Shopping centre in Auckland, New Zealand

Southmall Manurewa is a shopping centre located in Manurewa, a suburb of Auckland, New Zealand, located 24.7 km south of the Auckland CBD.

==History==

The large Norfolk Pine tree which still stands outside the main entrance of the mall was planted circa . Its removal was proposed during the development of the mall. Manurewa Borough Council first illuminated the tree as a Christmas attraction in 1950; a responsibility later taken over by the local business association. A cross was first placed at the top of the tree in 1953, during the first visit to New Zealand of Queen Elizabeth II.

Plans for an American-style shopping centre in Manurewa began in the early 1960s. Manurewa was chosen due to its increasing population, and its proximity to the industrial areas in Wiri. The centre was developed by London based Hammerson Property & Investment Trust, who had developed the first mall in Auckland, LynnMall. It was Auckland's third major mall after LynnMall and the Pakuranga Town Centre.

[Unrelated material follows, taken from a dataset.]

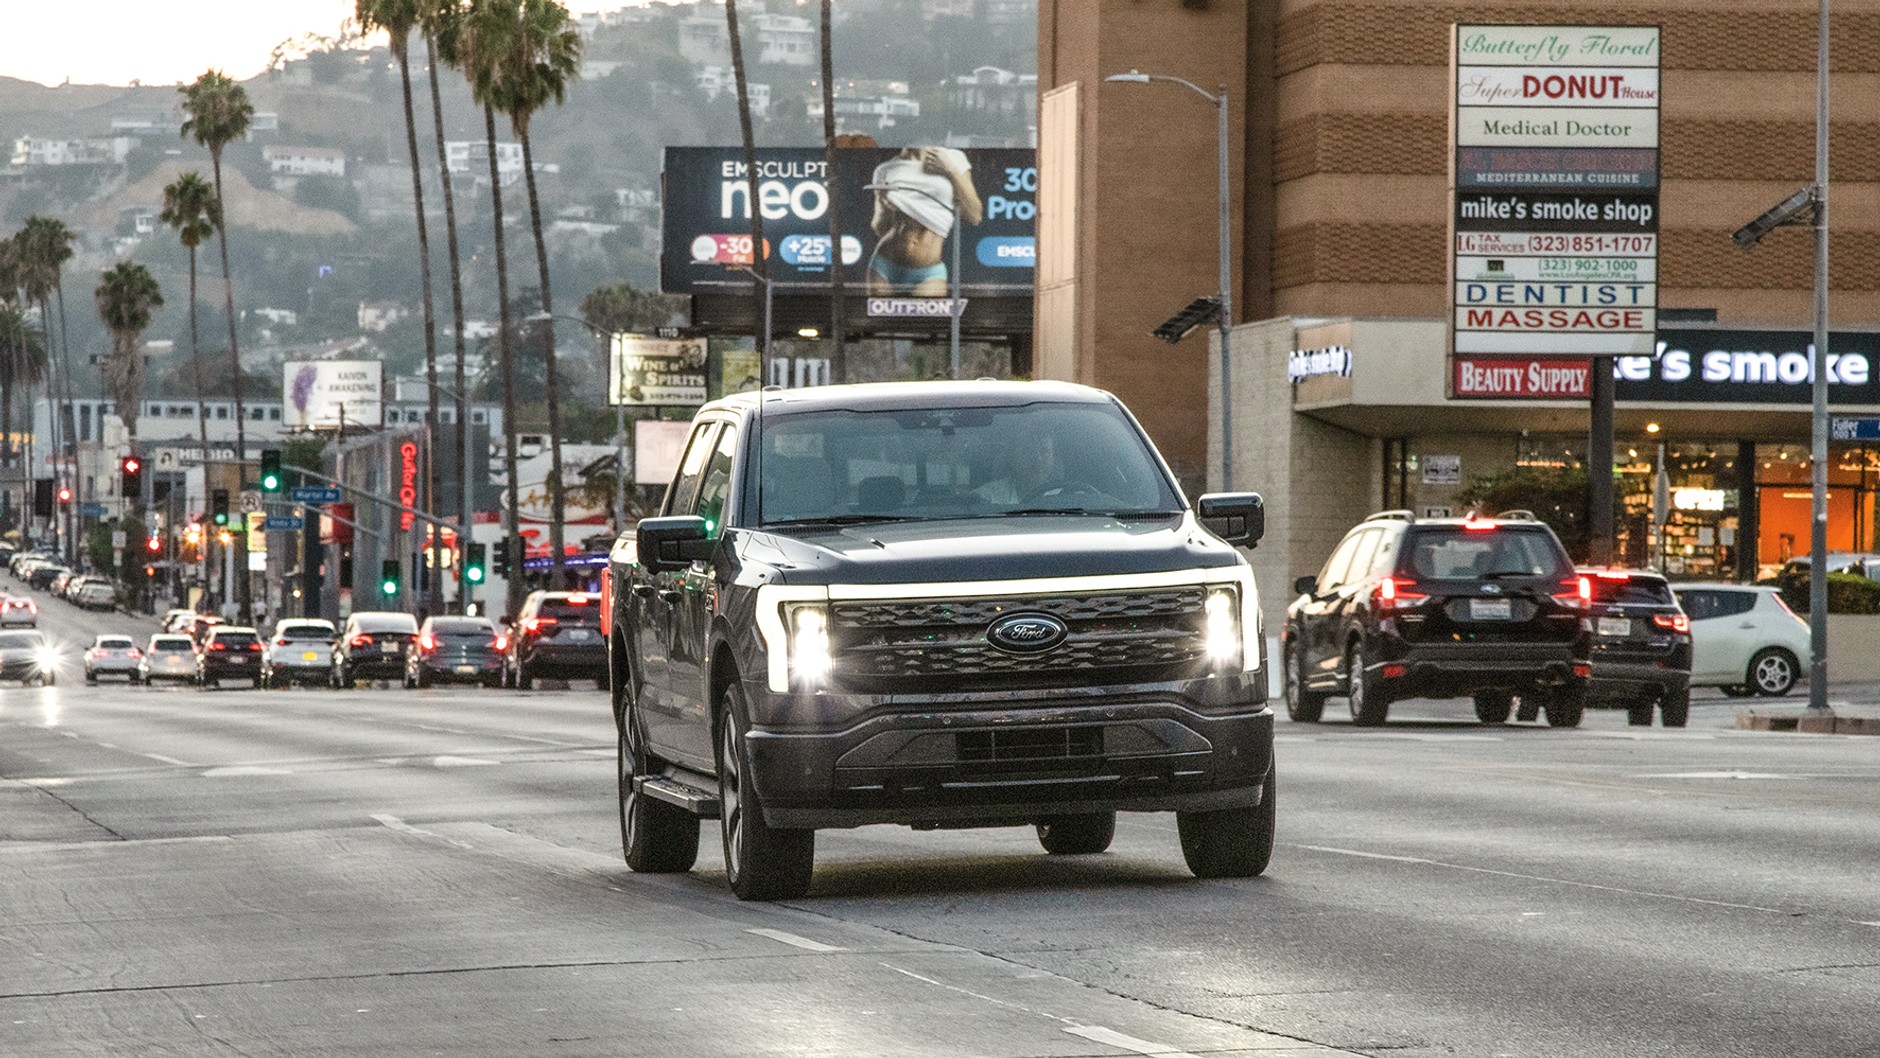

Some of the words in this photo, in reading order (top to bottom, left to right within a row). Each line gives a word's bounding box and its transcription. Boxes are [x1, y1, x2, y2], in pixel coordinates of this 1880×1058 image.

The project was confirmed in May 1964 and the foundation stone was laid on 18 March 1965. When it was opened on 22 February 1967, the complex included over 100,000 square feet of retail space, with Farmers taking up a fifth of the retail space, along with Woolworths, New World, Bond & Bond, and several other major retail chains represented, as well as a variety of speciality shops. The Maple Home Furnishing Centre was developed in 1970 at Southmall’s southern end.

Southmall faced stiff competition after the larger and more glamorous Manukau City Centre mall opened less than five kilometres away in October 1976. The Southmall creche was closed down in 1985 because of lack of support from the retailers. In 1987 the centre was extensively remodeled and extended, becoming an enclosed mall. Southmall began Sunday trading on 7 July 1991.

In 1992 the mall was put on the market, boasting four major retailers, 38 speciality shops and a 99% occupancy rate. In 1994 the then owners, Ladstone Properties, divided the mall into twenty strata-title properties which were auctioned individually.

On 20 July 2006 the Manurewa railway station moved to a site behind the mall. The Manurewa interchange opened on the same day next to the station, providing interconnection with Auckland's bus network.

By the early 1990s chain stores had begun to leave. In 2008 a bar in the mall introduced topless waitresses. In 2016, Southmall Manurewa was nominated as one of the 'saddest' malls in New Zealand, citing a lack of development, an "uninviting and dangerous" vibe and Westfield Manukau in the nearby vicinity attracting more appeal from shoppers.